It is hoped that this volume will serve as a future-archive of sorts, revisiting and reviving for students and current practitioners critical practices and analytic discoveries that inform the current critical genealogies of Black film studies. We understand the publication of this particular special issue in one of the oldest journals for film scholarship to perform not only the kind of revelation our mentors did, but a reparative act of collecting and inspiration as well. We hope the volume will be a teaching tool and will stand as a challenge and provocation to those who still don’t consider Black women filmmakers or film scholars of import – and who, in so doing, misrepresent film history and central scholarship in the field.
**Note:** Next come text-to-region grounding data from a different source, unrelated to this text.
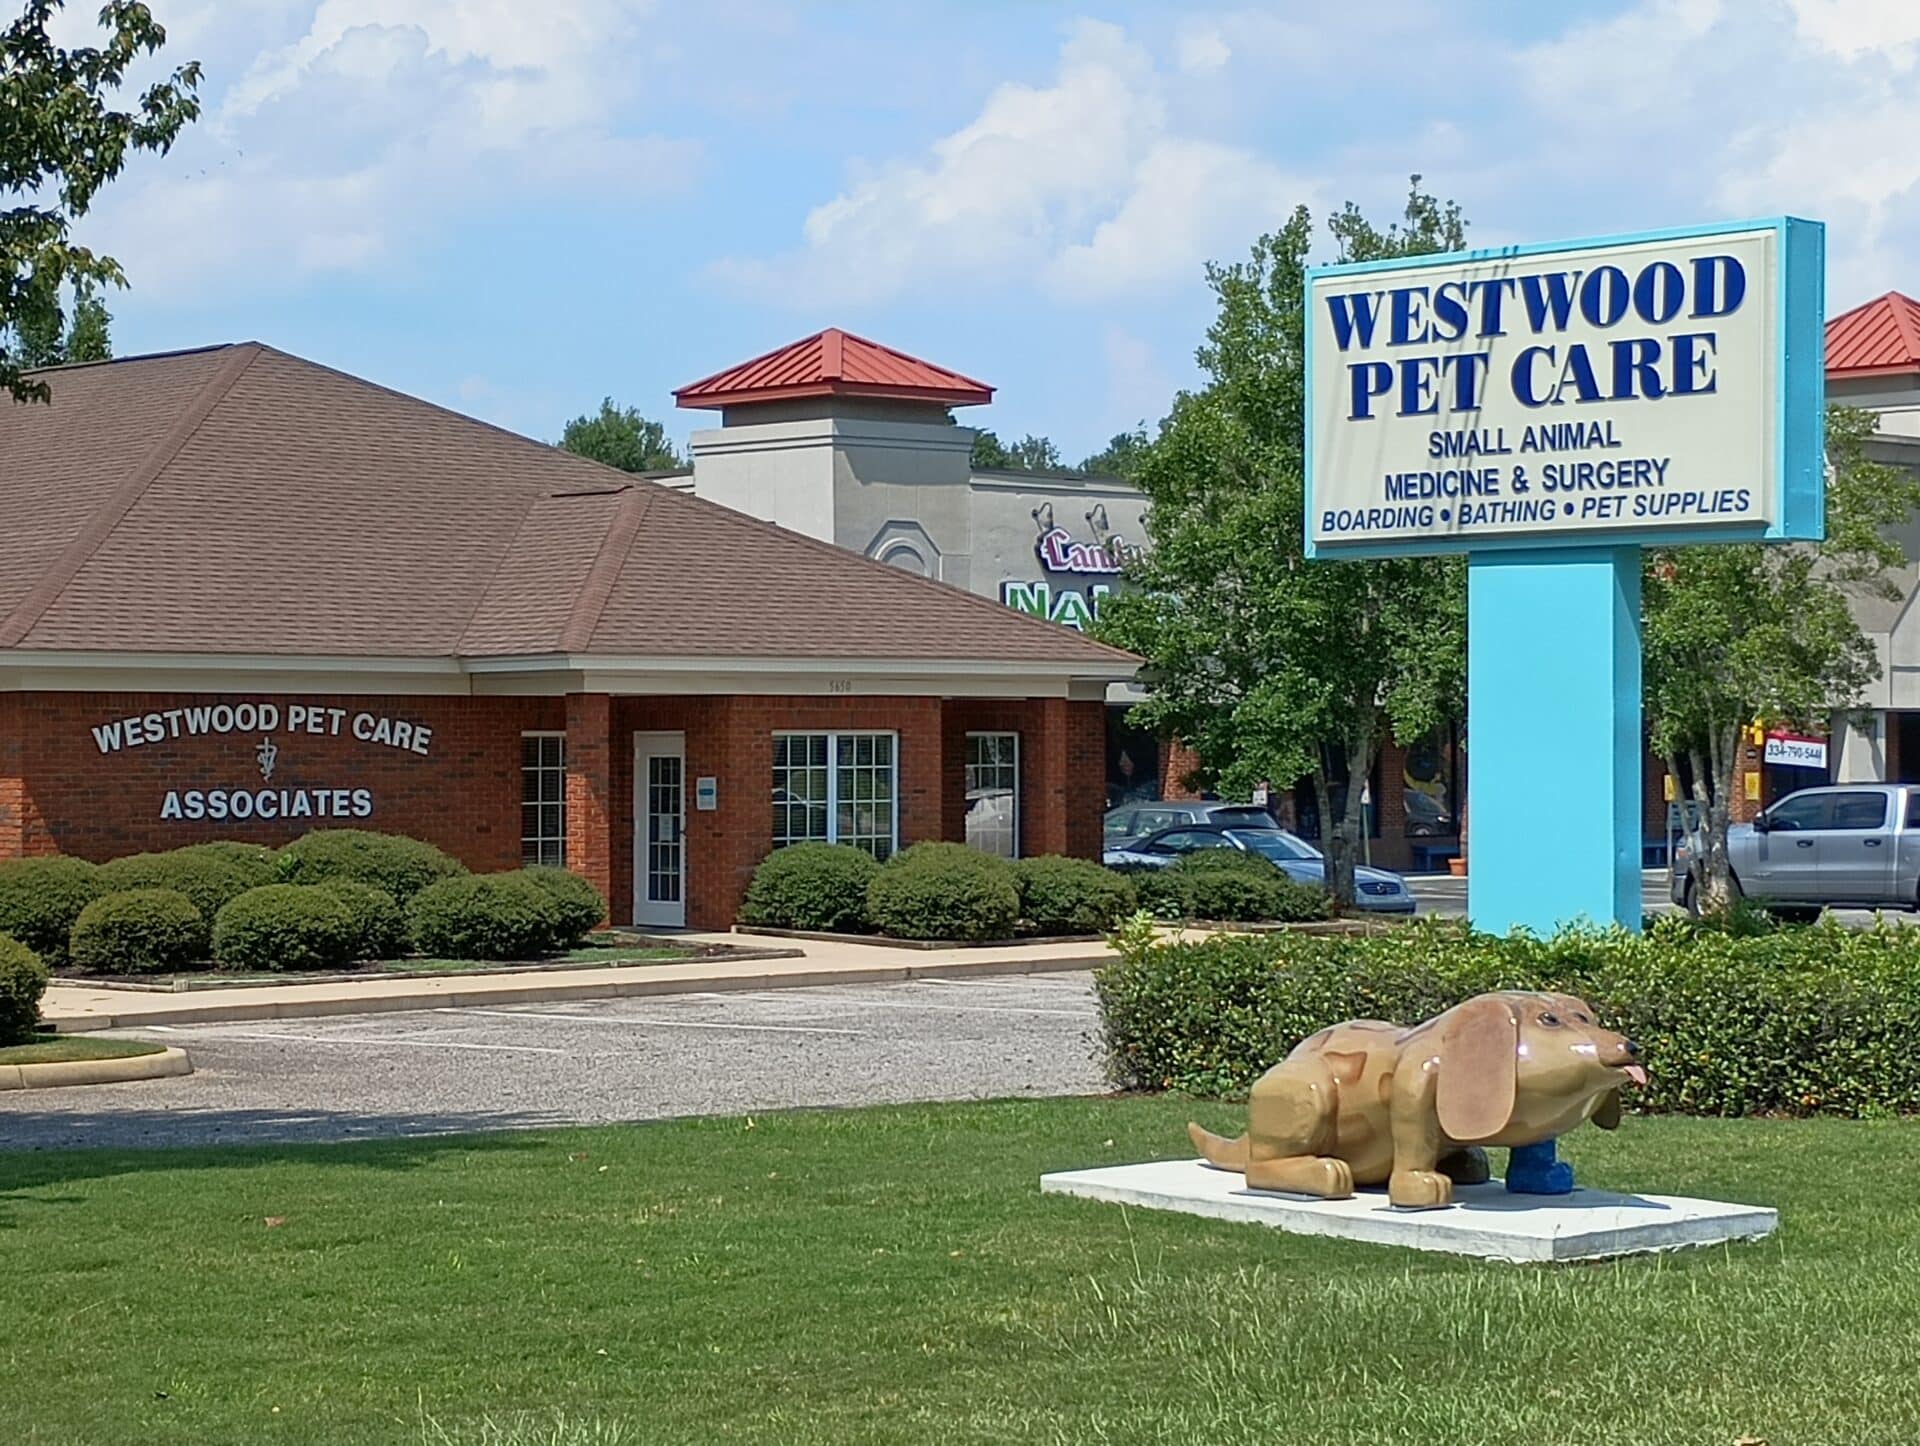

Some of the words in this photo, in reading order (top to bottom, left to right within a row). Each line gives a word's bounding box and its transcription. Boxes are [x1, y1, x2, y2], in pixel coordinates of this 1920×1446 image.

[1326, 256, 1745, 351] WESTWOOD
[1348, 353, 1489, 421] PET
[1511, 333, 1716, 407] CARE
[1429, 428, 1511, 458] SMALL
[1520, 421, 1621, 452] ANIMAL
[1386, 469, 1499, 500] MEDICINE
[1512, 466, 1529, 494] &
[1543, 458, 1669, 492] SURGERY
[1322, 506, 1433, 531] BOARDING
[1458, 500, 1555, 525] BATHING
[1582, 496, 1627, 518] PET
[1633, 490, 1749, 516] SUPPLIES
[92, 704, 278, 752] WESTWOOD
[289, 706, 345, 734] PET
[354, 714, 432, 754] CARE
[161, 790, 372, 818] ASSOCIATES
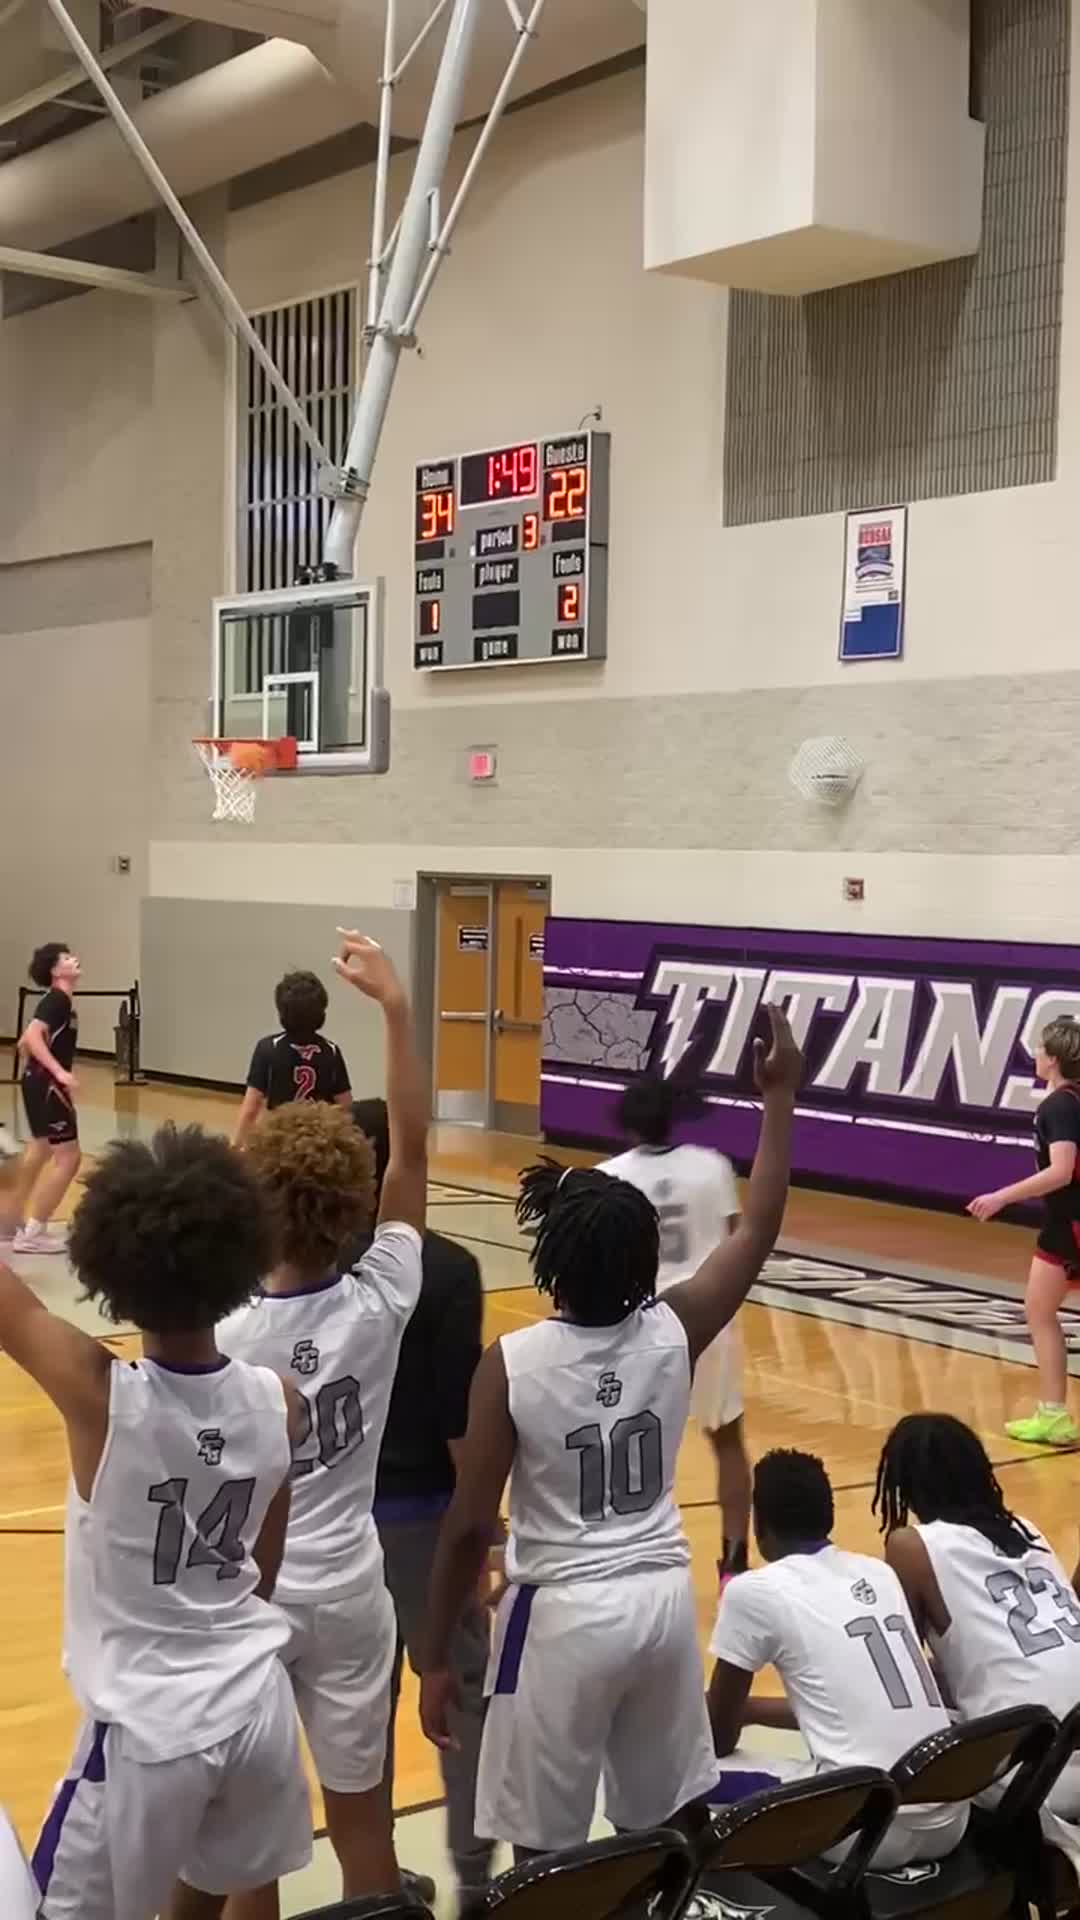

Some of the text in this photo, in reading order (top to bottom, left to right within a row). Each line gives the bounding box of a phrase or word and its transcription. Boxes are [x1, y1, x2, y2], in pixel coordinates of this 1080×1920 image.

[488, 446, 536, 496] 1:49
[549, 468, 585, 518] 22
[422, 493, 453, 538] 34
[524, 514, 538, 549] 3
[481, 526, 513, 553] period
[480, 563, 513, 585] player
[432, 603, 439, 630] 1
[563, 585, 577, 619] 2
[294, 1065, 317, 1104] 2
[565, 1409, 663, 1521] 10
[148, 1477, 256, 1584] 14
[985, 1566, 1080, 1657] 23
[844, 1614, 941, 1709] 11
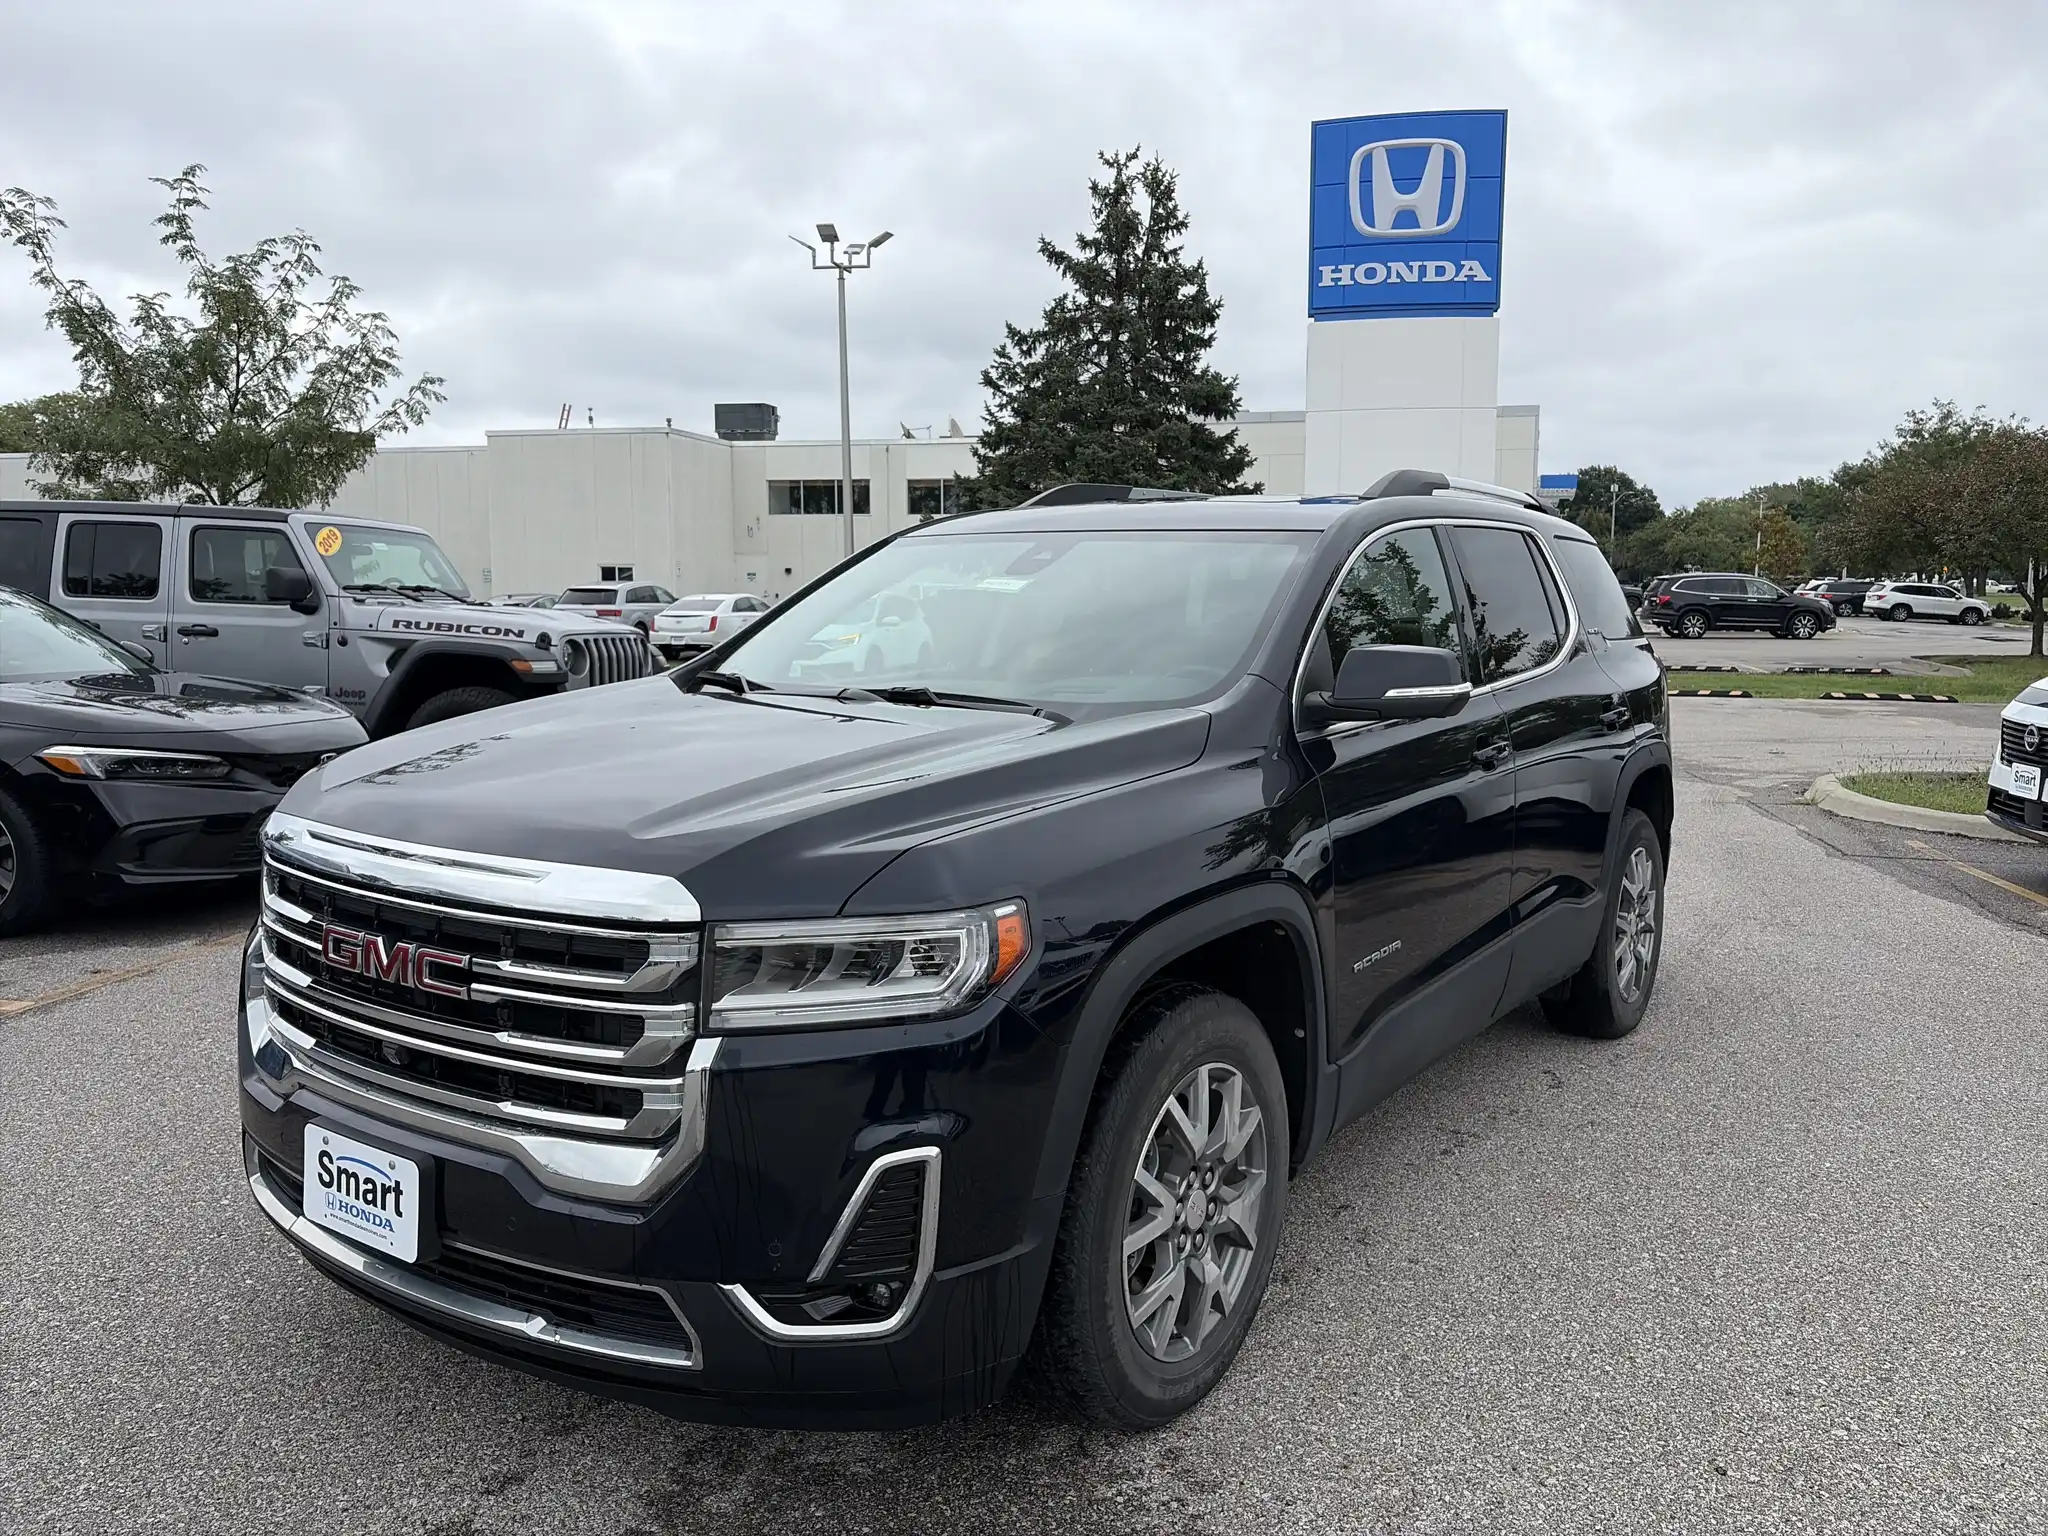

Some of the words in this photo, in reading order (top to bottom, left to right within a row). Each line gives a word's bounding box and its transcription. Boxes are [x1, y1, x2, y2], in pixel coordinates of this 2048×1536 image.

[1318, 260, 1492, 287] HONDA
[318, 529, 339, 553] 2019
[392, 619, 525, 639] RUBICON
[334, 686, 366, 701] Jeep
[2013, 770, 2036, 787] Smart
[322, 924, 471, 1001] GMC
[1353, 939, 1402, 974] ACADIA
[317, 1149, 404, 1218] Smart
[338, 1199, 396, 1233] HONDA
We hope it will give heart, help, and energy – as well as resources, wisdom, and citable material – to those young thinkers who are seeking to read and teach and use material about the generations of Black women’s intellectual history and theory of the cinema. We believe that even though the work is hard now, it will make our jobs as feminist Black film scholars easier as well.

Scholars and artists of multiple ranks and various proximities to the field of Media Studies have joined with reflections, collaborations, and new work. As editors, we reached out to those who we have taught and to those from whom we have learned to ask how they might be involved; worked on pieces with them or interviewed them; edited new work or helped to put them in dialogue with other scholars. This special issue was long in the making and the product of overcoming the challenges of COVID, academic strangleholds, the economy, and domestic life and labor, including and especially childcare and eldercare that have disproportionately affected women and, even more, Black women. We hope that it reflects the richness and passion it took to bring it into being and the spirit of the many folks who have come together under its banner to donate time, thinking, new and old works, wisdom and advice. We have essays by junior scholars, graduate students and new professors; articles drawn from a transcript of a roundtable by senior filmmakers and television producers; the incredible editorial labor of the journal, which kept a place for this volume at whatever word-count and date it should arrive, and shared commitment the work of keeping afloat those words: Black, Film, Feminism. Numbers of potential contributors didn’t feel their work or scholarship was necessarily feminist. This is an issue we take up in this Introduction further and as a part of generationality – a phenomenon that has shaped our presence, the presence of those who’ve worked for this piece, and what has been submitted or offered or put to language by whom; and perhaps also why so many of us both need and remain committed to completing this project.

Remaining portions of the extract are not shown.